Study Guide

Number the Stars Fear

By Lois Lowry

Fear

"Halte!" the soldier ordered in a stern voice.

The German word was as familiar as it was frightening. Annemarie had heard it often enough before, but it had never been directed at her until now. (1.9-10)

The word "stop," when written on a red octagonal sign, is pretty harmless, right? But put that word in the mouth of a soldier, and everything changes. It's not the words that matter, it's how they're put to use.

When they were almost home, Ellen whispered suddenly, "I was so scared."

"Me too," Annemarie whispered back. (1.38-39)

It's not easy to admit that you're scared, and in this case, it wouldn't have been safe. But if you can't tell your best friend, then who can you tell? Do you think Annemarie was just as scared as Ellen, or do you think she was just trying to comfort her friend?

Ellen interrupted him. "Who might come? Will it be soldiers? Like the ones on the corners?" Annemarie remembered how terrified Ellen had looked the day when the soldier had questioned them on the corner. (4.76)

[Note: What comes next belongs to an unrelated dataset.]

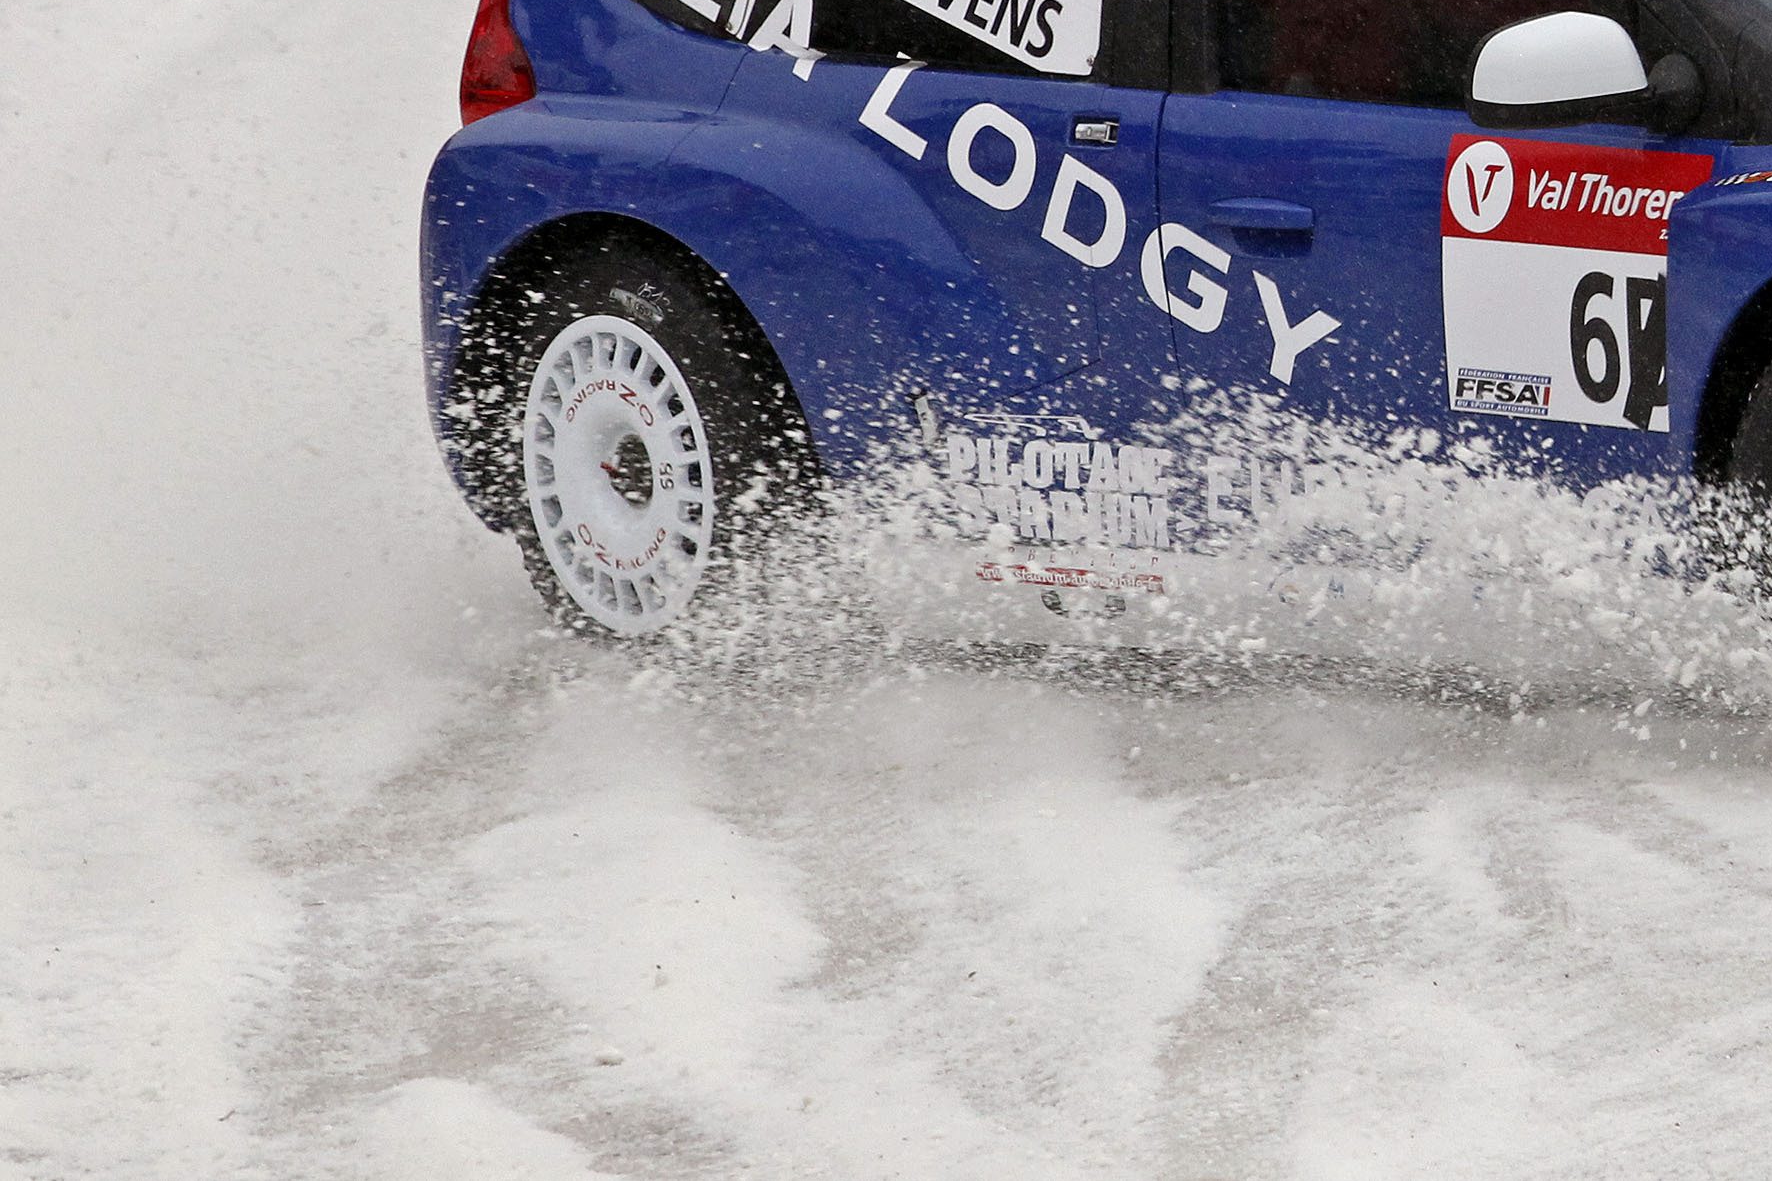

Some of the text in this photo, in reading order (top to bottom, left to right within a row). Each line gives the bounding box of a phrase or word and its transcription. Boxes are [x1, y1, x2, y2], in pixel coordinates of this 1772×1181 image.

[1527, 168, 1577, 211] Val
[859, 51, 1343, 386] LODGY
[1456, 378, 1539, 405] FFSA

Annemarie has some major practice comforting people—after all, she's pretty much the best big sister ever. So it's not tough for her to tell when Ellen needs that same kind of comforting. Annemarie is obviously scared of the soldiers, too, but she's able to overcome her own fears and put her friend first.

Ellen's hands flew to her neck. Desperately she began trying to unhook the tiny clasp. Outside the bedroom door, the harsh voices and heavy footsteps continued.

"I can't get it open!" Ellen said frantically. "I never take it off—I can't even remember how to open it!" (5.42-43)

The more scared Ellen gets, the harder it is for her to protect herself. Cue suspenseful music and enter Annemarie.

Annemarie's heart sank and she looked at her mother. Mama's eyes were frightened. "Shhh, Kirsti," Mama said. "Don't chatter so." (6.46)

During a war, fear can spring up in the most unlikely places. Normally, the chatter of a five-year-old like Kirsti wouldn't be cause for fear. But if Kirsti says too much, she might spill the we're-hiding-a-Jewish-girl beans.

Suddenly, here in this sunlit kitchen, with cream in a pitcher and a bird in the apple tree beside the door […] suddenly the specter of guns and grim-faced soldiers seemed nothing more than a ghost story, a joke with which to frighten children in the dark. (8.13)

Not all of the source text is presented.